The Treasury Department reported Friday the banks will make an offer for the warrants, and Treasury then decides whether to make a counteroffer.

If the government and a bank cannot agree on a fair price for the warrants, the two sides will have the right to use private appraisers.

Some of the nation's largest banks, including JPMorgan Chase & Co. and Morgan Stanley, have been eagerly awaiting Treasury's decision. They were among a group of 10 banks that repaid a total of $68 billion in bailout funds last week.

Taxpayers are expected to receive billions of dollars in exchange for the warrants, but negotiations on how to value them have taken longer than expected. That's partly because the value of the underlying bank stock has fluctuated during the financial crisis. Treasury has wanted more money for the warrants it holds than the banks have been willing to pay.

Under the Treasury guidelines, the banks will have 15 days from when they repaid their bailout funds to submit an offer for what they would be willing to pay to buy back the stock warrants.

Treasury will then have 10 days to respond. If Treasury objects to the bank's offer, it can make a counteroffer, using a range of pricing methods.

If the two sides cannot agree on a price, appraisers for each side will be appointed.
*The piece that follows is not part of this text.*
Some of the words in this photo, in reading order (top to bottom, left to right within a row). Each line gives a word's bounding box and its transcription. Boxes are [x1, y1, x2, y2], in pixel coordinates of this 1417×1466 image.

If those appraisers remain apart, then a third appraiser will be brought in, according to Treasury's guidelines.

Treasury's guidelines also leave as an option that if the two sides remain apart on a price, the government has the right to put the warrants up for sale in an auction process in which third parties would be invited to bid.

The department received $68 billion in repayments of bailout funds on June 17. The largest amounts were $25 billion from JPMorgan Chase & Co., and $10 billion each from Goldman Sachs Group Inc. and Morgan Stanley. They now have until the end of June to make an offer for the warrants.
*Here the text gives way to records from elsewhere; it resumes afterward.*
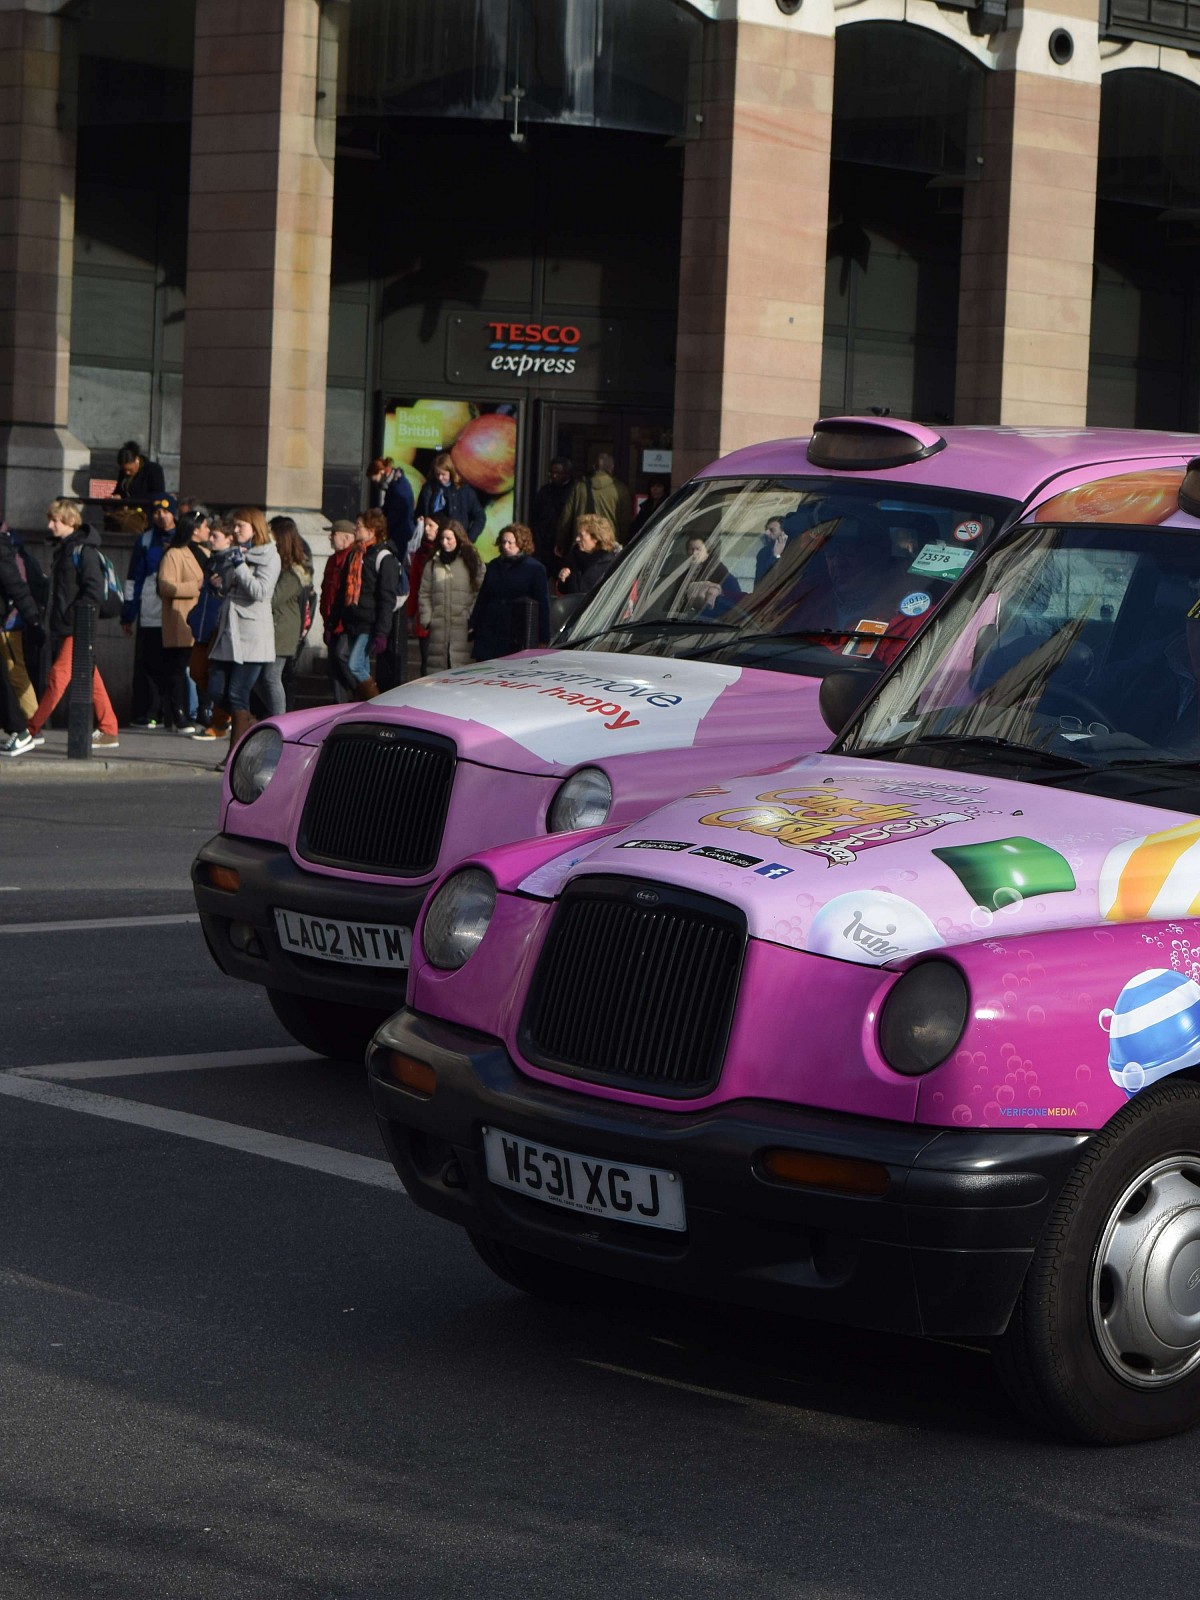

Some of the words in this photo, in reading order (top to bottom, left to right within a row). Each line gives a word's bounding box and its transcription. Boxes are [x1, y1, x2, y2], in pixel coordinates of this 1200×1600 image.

[488, 322, 581, 344] TESCO
[491, 354, 576, 376] express
[399, 411, 427, 424] Best
[399, 424, 440, 437] British
[920, 552, 951, 563] 73578
[484, 667, 683, 708] rightmove
[460, 678, 542, 690] your
[537, 686, 641, 730] happy
[811, 844, 852, 862] SAGA
[282, 913, 344, 955] LA02
[346, 925, 405, 961] NTM
[842, 910, 908, 957] King
[1000, 1107, 1077, 1117] VERIFONEMEDIA
[501, 1137, 575, 1200] W531
[581, 1161, 660, 1217] XGJ
The stock warrants allow Treasury to buy the banks' stock at a fixed price at some future date. The Government Accountability Office released a report last week calling for more transparency regarding the warrants and the repayment process.

Until the banks buy back the stock warrants that Treasury holds, they remain entangled in a program that has subjected them to limits on executive pay and other restrictions. The banks have complained that the government-imposed rules could hurt their profits and prevent them from hiring or keeping top talent.
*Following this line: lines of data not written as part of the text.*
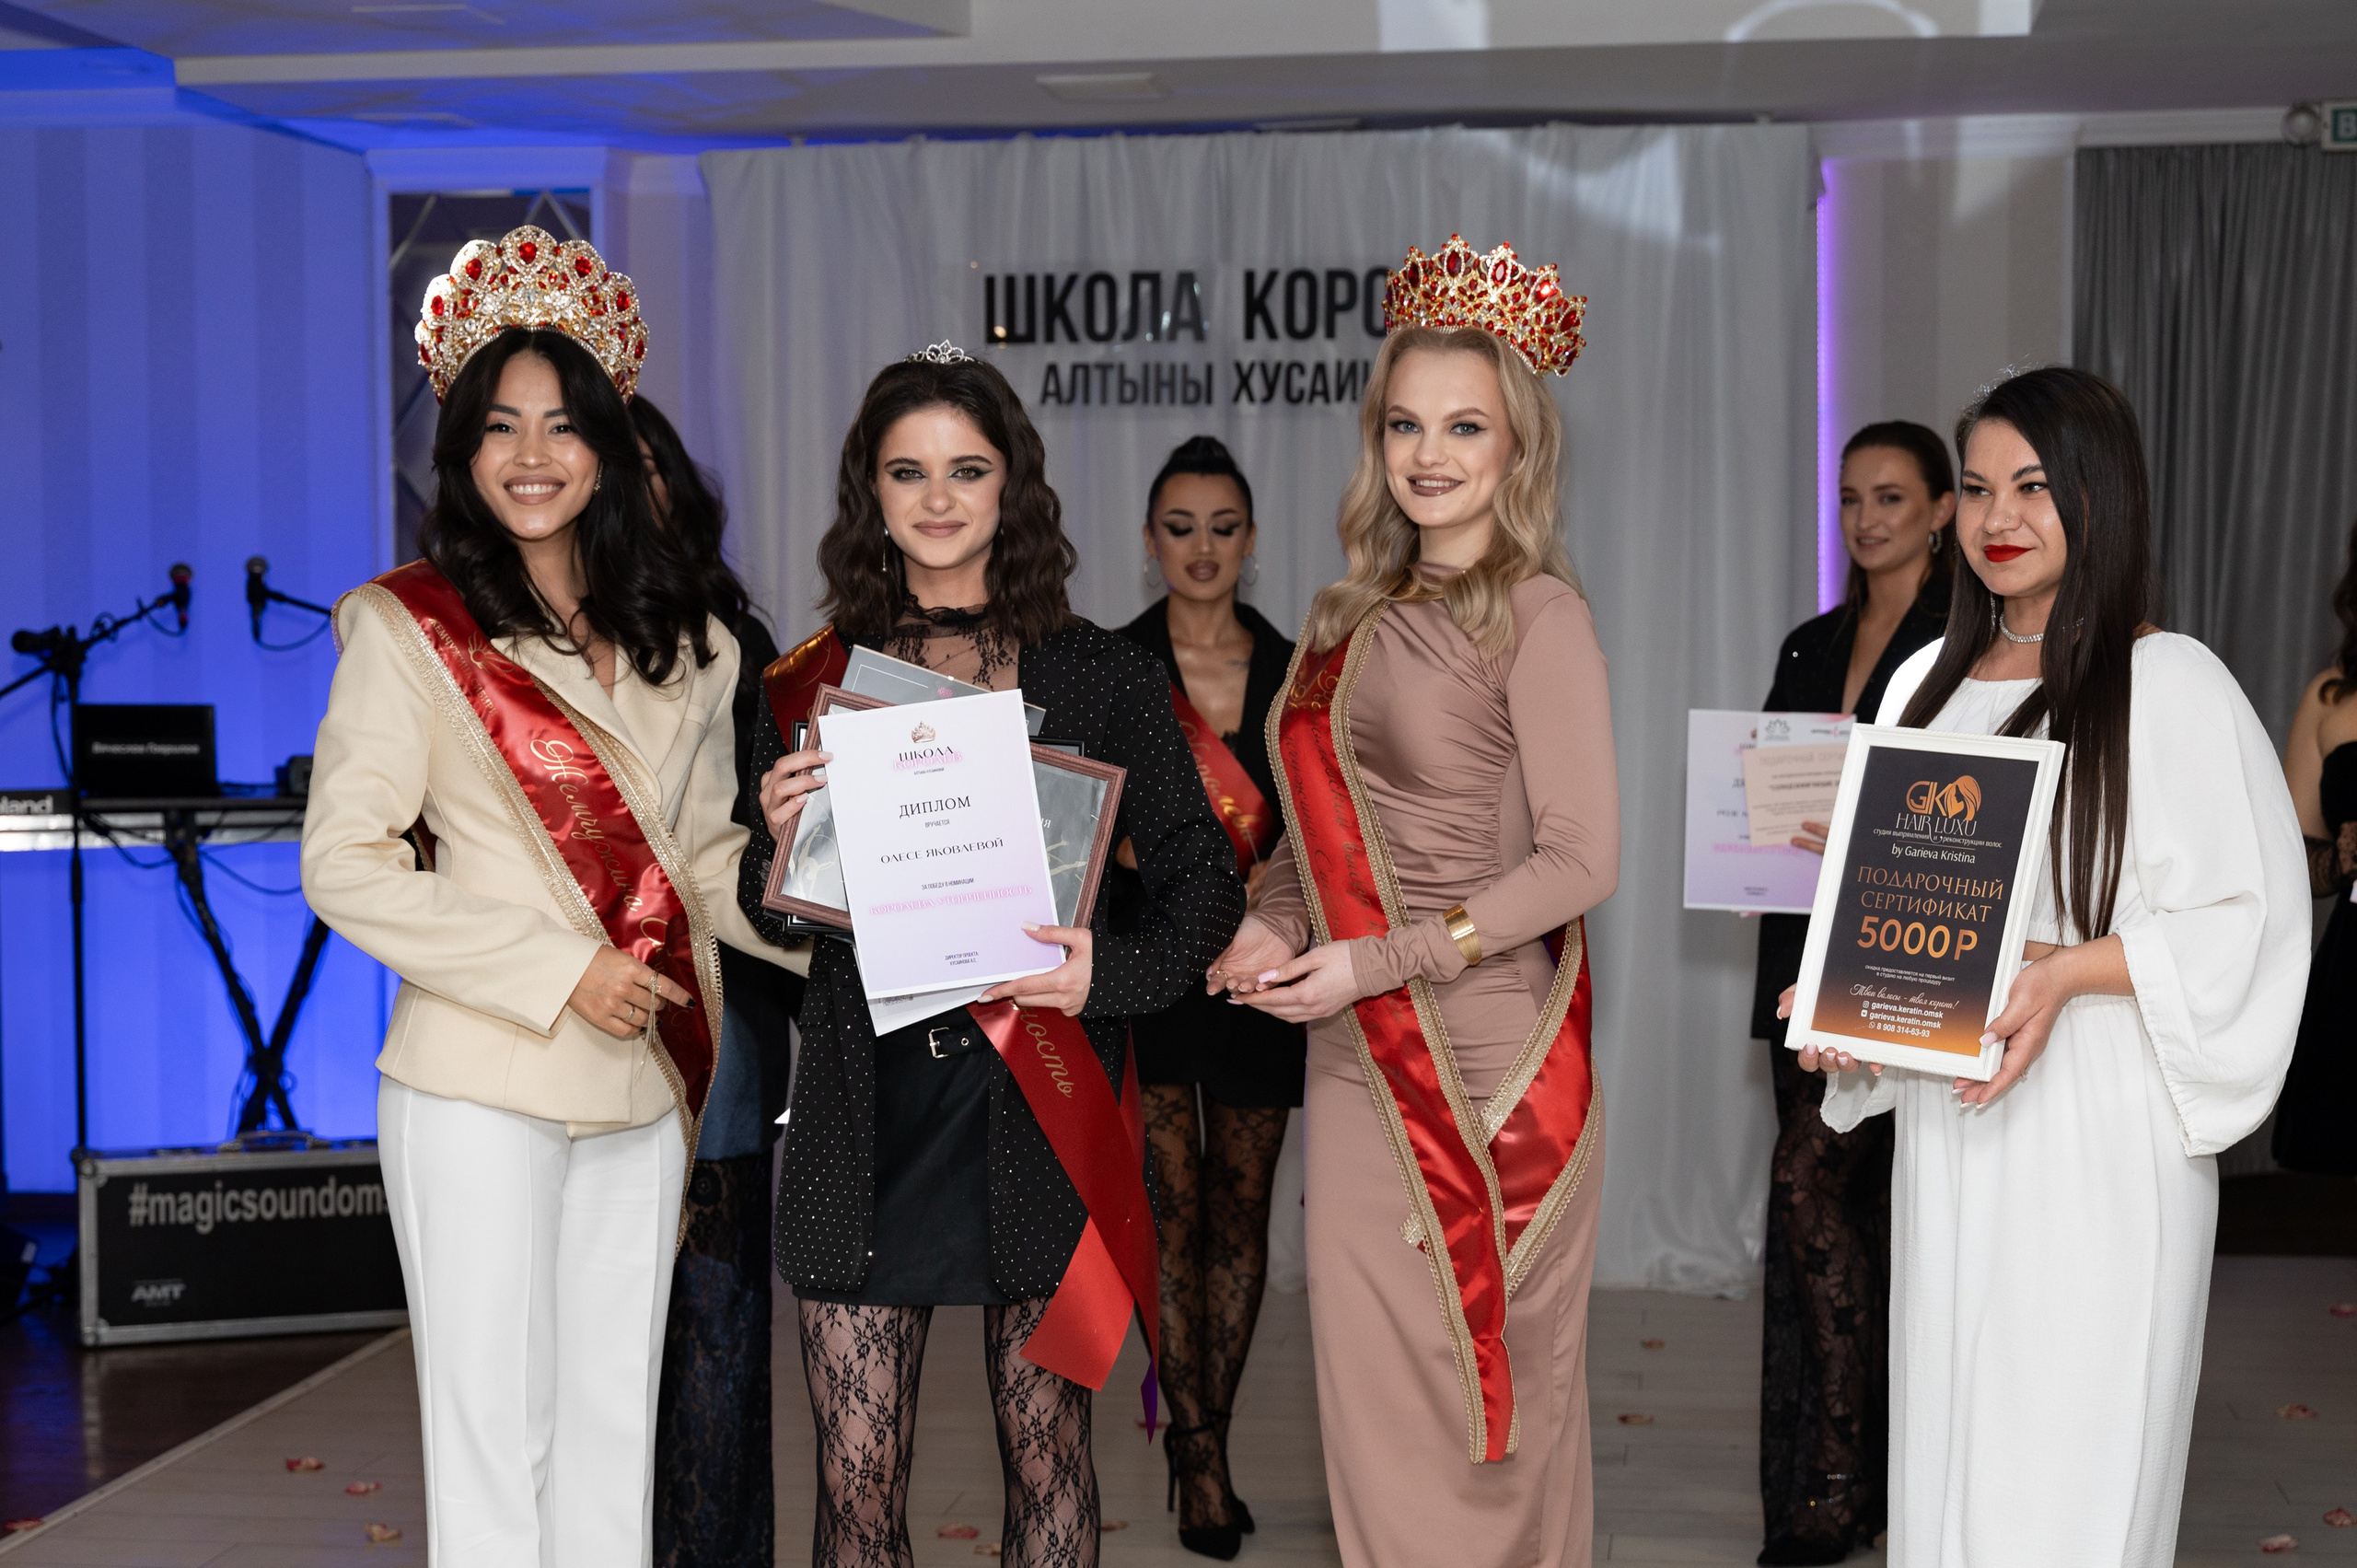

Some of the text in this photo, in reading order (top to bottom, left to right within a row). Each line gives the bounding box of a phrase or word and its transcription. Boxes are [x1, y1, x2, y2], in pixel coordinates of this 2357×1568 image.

[984, 271, 1206, 343] ШКОЛА
[1040, 360, 1213, 406] АЛТЫНЫ
[899, 746, 954, 761] ШКОЛА
[0, 795, 53, 815] land
[899, 796, 971, 819] ДИПЛОМ
[530, 738, 644, 912] Жемчужина
[924, 819, 950, 828] ВРУЧАЕТСЯ
[1896, 813, 1935, 839] HAIR
[1873, 828, 1892, 836] студия
[1943, 836, 1985, 846] реконструкции
[880, 837, 1004, 864] ОЛЕСЕ ЯКОВЛЕВОЙ
[1891, 842, 1976, 864] by Garieva Kristina
[1857, 865, 2004, 900] ПОДАРОЧНЫЙ
[1861, 890, 1992, 923] СЕРТИФИКАТ
[1850, 983, 1875, 997] Твои
[1876, 986, 1901, 1001] волосы
[1909, 992, 1929, 1005] твоя
[1928, 1000, 1960, 1010] корона!
[1869, 1012, 1942, 1028] garieva.keratin.omsk
[1871, 1002, 1944, 1018] garieva.keratin.omsk
[1876, 1022, 1931, 1038] 8 908 314-63-93
Besides JPMorgan, Goldman and Morgan Stanley, the other seven big institutions repaying funds last week were: U.S. Bancorp, Capital One Financial Corp., American Express Co., BB&T Corp., Bank of New York Mellon Corp., Northern Trust Corp. and State Street Corp.

To begin the process of leaving the bailout program, the banks had to clear a series of hurdles designed to ensure they would remain viable despite the financial crisis and the recession.

All but Northern Trust underwent government "stress tests" to ensure they had an extra capital buffer in case the recession worsened. The 10 also were required to raise equity from investors and raise debt without a government guarantee.

Despite their relative strength, the banks still rely on government subsidies, including guarantees on debt they already issued and discounted credit lines from the Federal Reserve.

In addition to the $68 billion in bailout funds repaid by the 10 large institutions, another $2 billion has been repaid by smaller banks.

In addition to the money they are returning, the banks have paid Treasury more than $2 billion in dividends mandated under the bailout program passed by Congress last October at the height of the financial crisis. The banks were required to pay 5 percent interest on the funds they received for the first five years and then 9 percent interest for any funds they still held after that time.